▶ _Your objective_
When you copy the material below, keep every line exact and drop the pictures.

[[ Given entries, beginning ]]

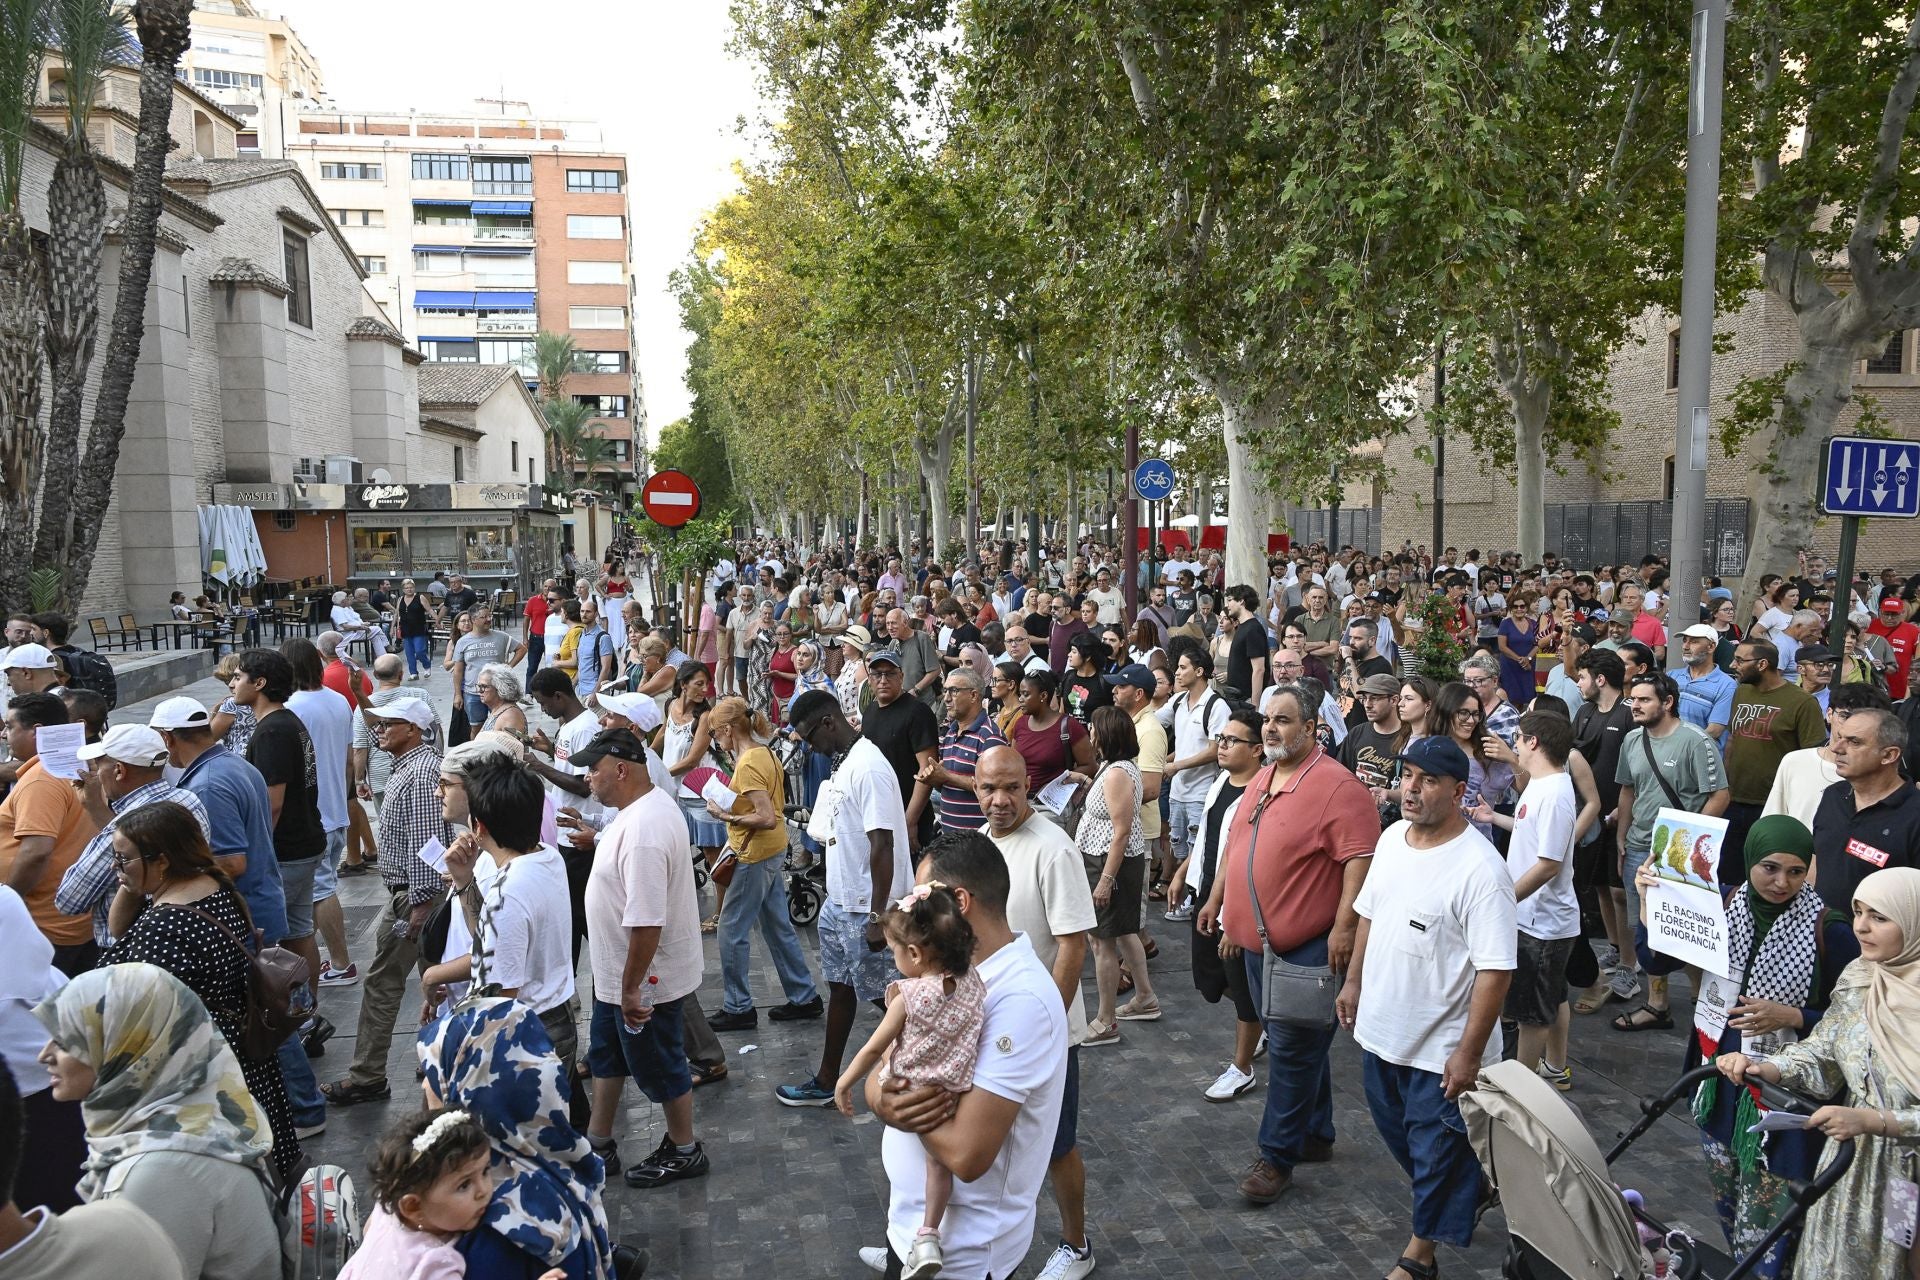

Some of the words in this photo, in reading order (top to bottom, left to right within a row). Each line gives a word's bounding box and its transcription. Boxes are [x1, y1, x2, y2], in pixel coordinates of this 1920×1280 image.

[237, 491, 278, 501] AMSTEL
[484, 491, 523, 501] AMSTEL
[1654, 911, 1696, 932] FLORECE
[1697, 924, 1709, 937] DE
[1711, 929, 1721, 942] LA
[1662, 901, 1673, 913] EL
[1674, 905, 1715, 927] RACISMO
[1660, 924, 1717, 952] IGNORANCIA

[[ Given entries, end ]]

▶ _Written answer_
Some of the words in this photo, in reading order (top to bottom, left to right within a row). Each line gives a word's bounding box and its transcription. Boxes are [x1, y1, x2, y2], in pixel coordinates of this 1920×1280 image.

[237, 491, 278, 501] AMSTEL
[484, 491, 523, 501] AMSTEL
[1654, 911, 1696, 932] FLORECE
[1697, 924, 1709, 937] DE
[1711, 929, 1721, 942] LA
[1662, 901, 1673, 913] EL
[1674, 905, 1715, 927] RACISMO
[1660, 924, 1717, 952] IGNORANCIA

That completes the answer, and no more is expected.